(EXERCISE DETAILS) Your reply should repeat, exactly, the line containing "Some of the text" and the rest of the material after it.
━━━━━━━━━━
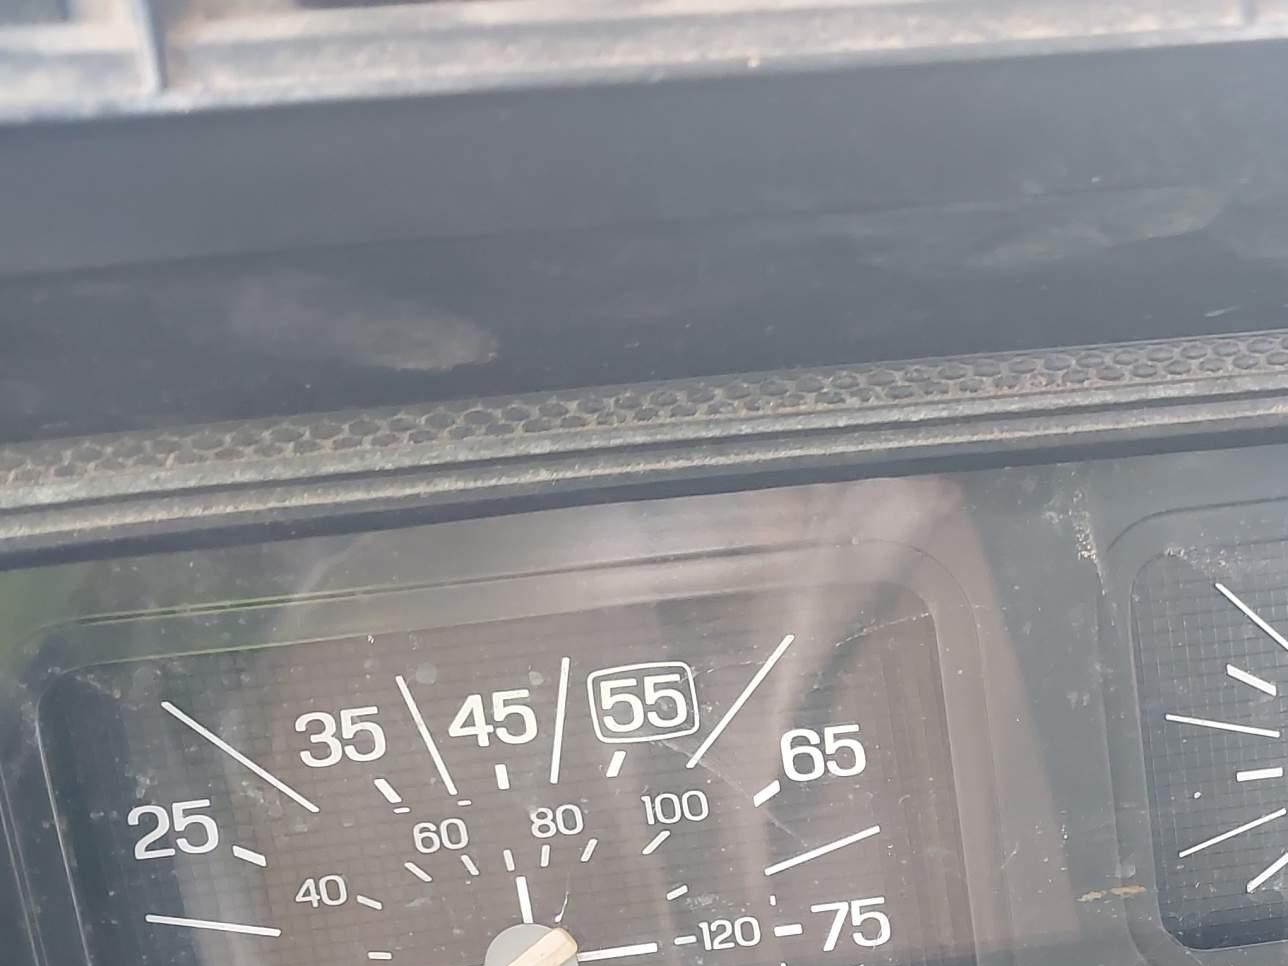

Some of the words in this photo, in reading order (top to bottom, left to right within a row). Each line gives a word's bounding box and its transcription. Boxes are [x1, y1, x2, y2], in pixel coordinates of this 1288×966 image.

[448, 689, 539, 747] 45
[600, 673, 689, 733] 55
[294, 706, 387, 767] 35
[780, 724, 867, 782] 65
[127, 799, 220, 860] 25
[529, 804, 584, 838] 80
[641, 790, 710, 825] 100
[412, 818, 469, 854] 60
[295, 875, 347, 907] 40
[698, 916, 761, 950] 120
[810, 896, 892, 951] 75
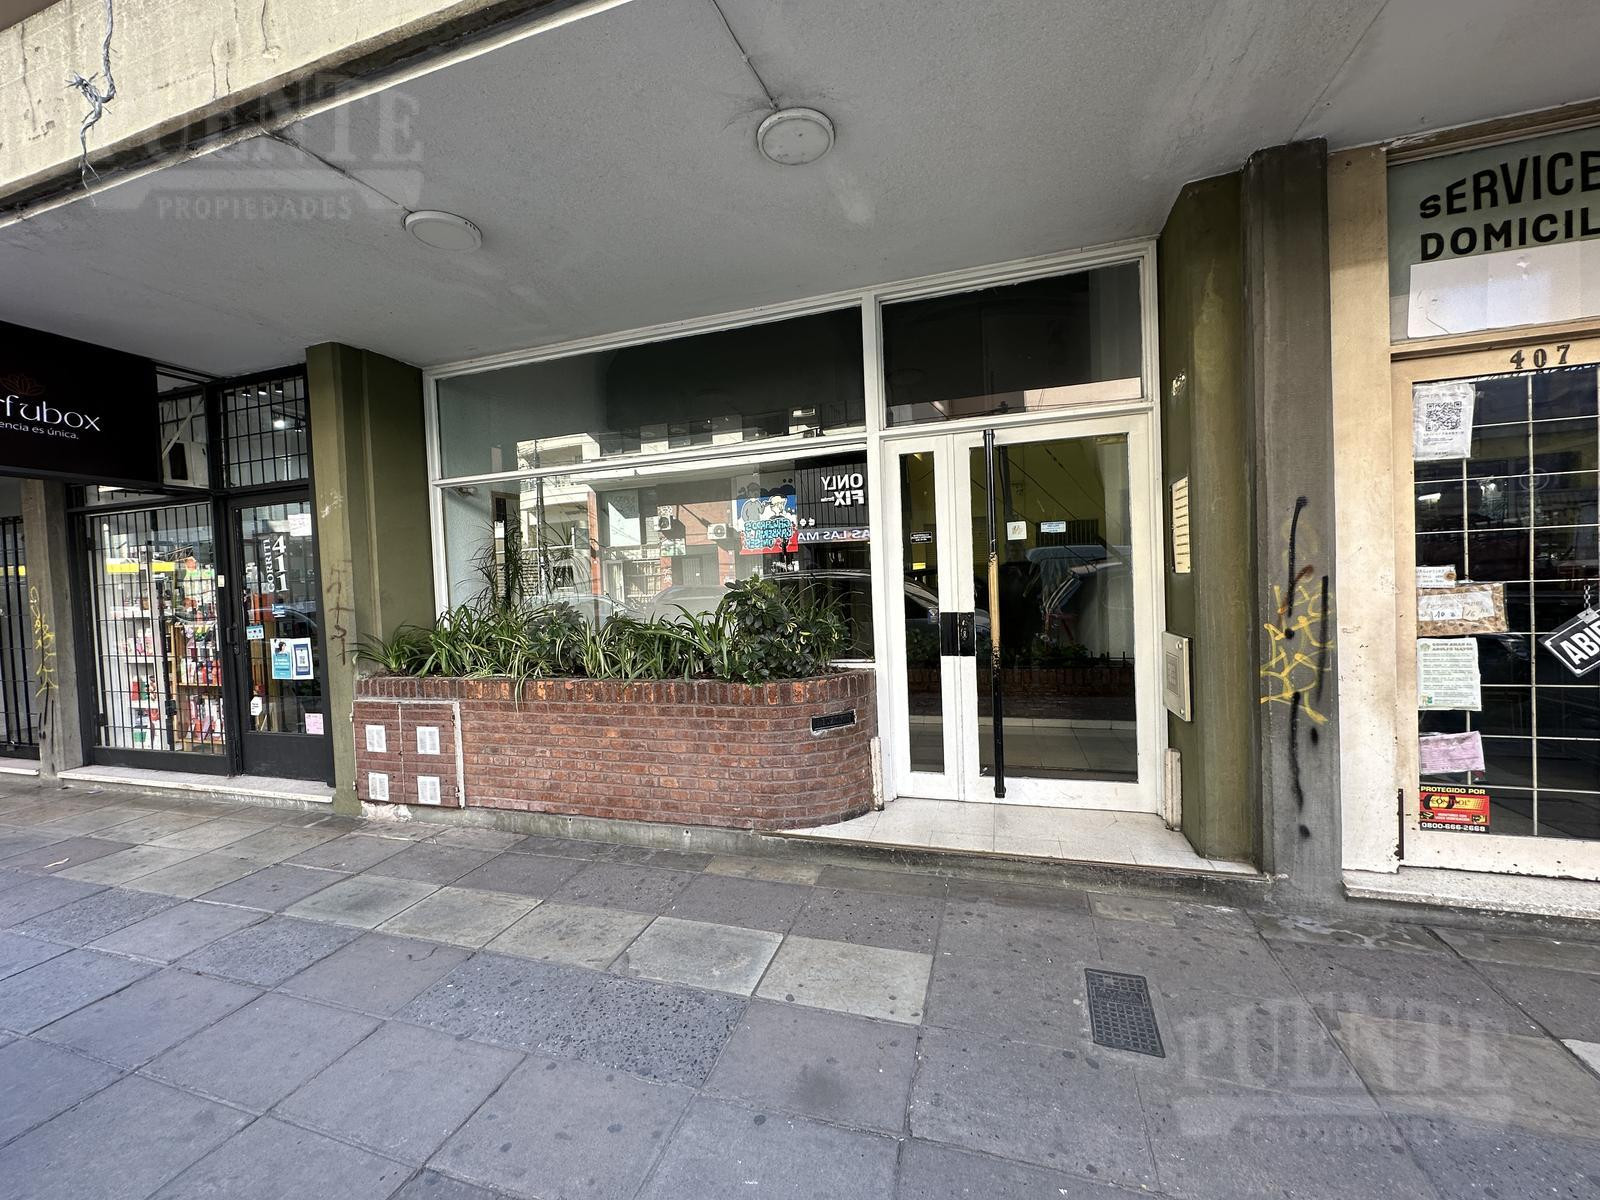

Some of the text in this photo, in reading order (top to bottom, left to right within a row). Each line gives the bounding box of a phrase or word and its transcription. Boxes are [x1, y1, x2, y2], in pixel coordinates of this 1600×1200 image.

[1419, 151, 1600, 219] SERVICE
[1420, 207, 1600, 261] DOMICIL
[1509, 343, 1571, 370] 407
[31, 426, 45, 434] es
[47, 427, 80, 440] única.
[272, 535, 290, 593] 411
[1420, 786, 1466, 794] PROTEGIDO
━━━━━━━━━━
(WRITTEN SOLUTION)
Some of the text in this photo, in reading order (top to bottom, left to right within a row). Each line gives the bounding box of a phrase or word and its transcription. Boxes are [x1, y1, x2, y2], in pixel coordinates of this 1600×1200 image.

[1419, 151, 1600, 219] SERVICE
[1420, 207, 1600, 261] DOMICIL
[1509, 343, 1571, 370] 407
[31, 426, 45, 434] es
[47, 427, 80, 440] única.
[272, 535, 290, 593] 411
[1420, 786, 1466, 794] PROTEGIDO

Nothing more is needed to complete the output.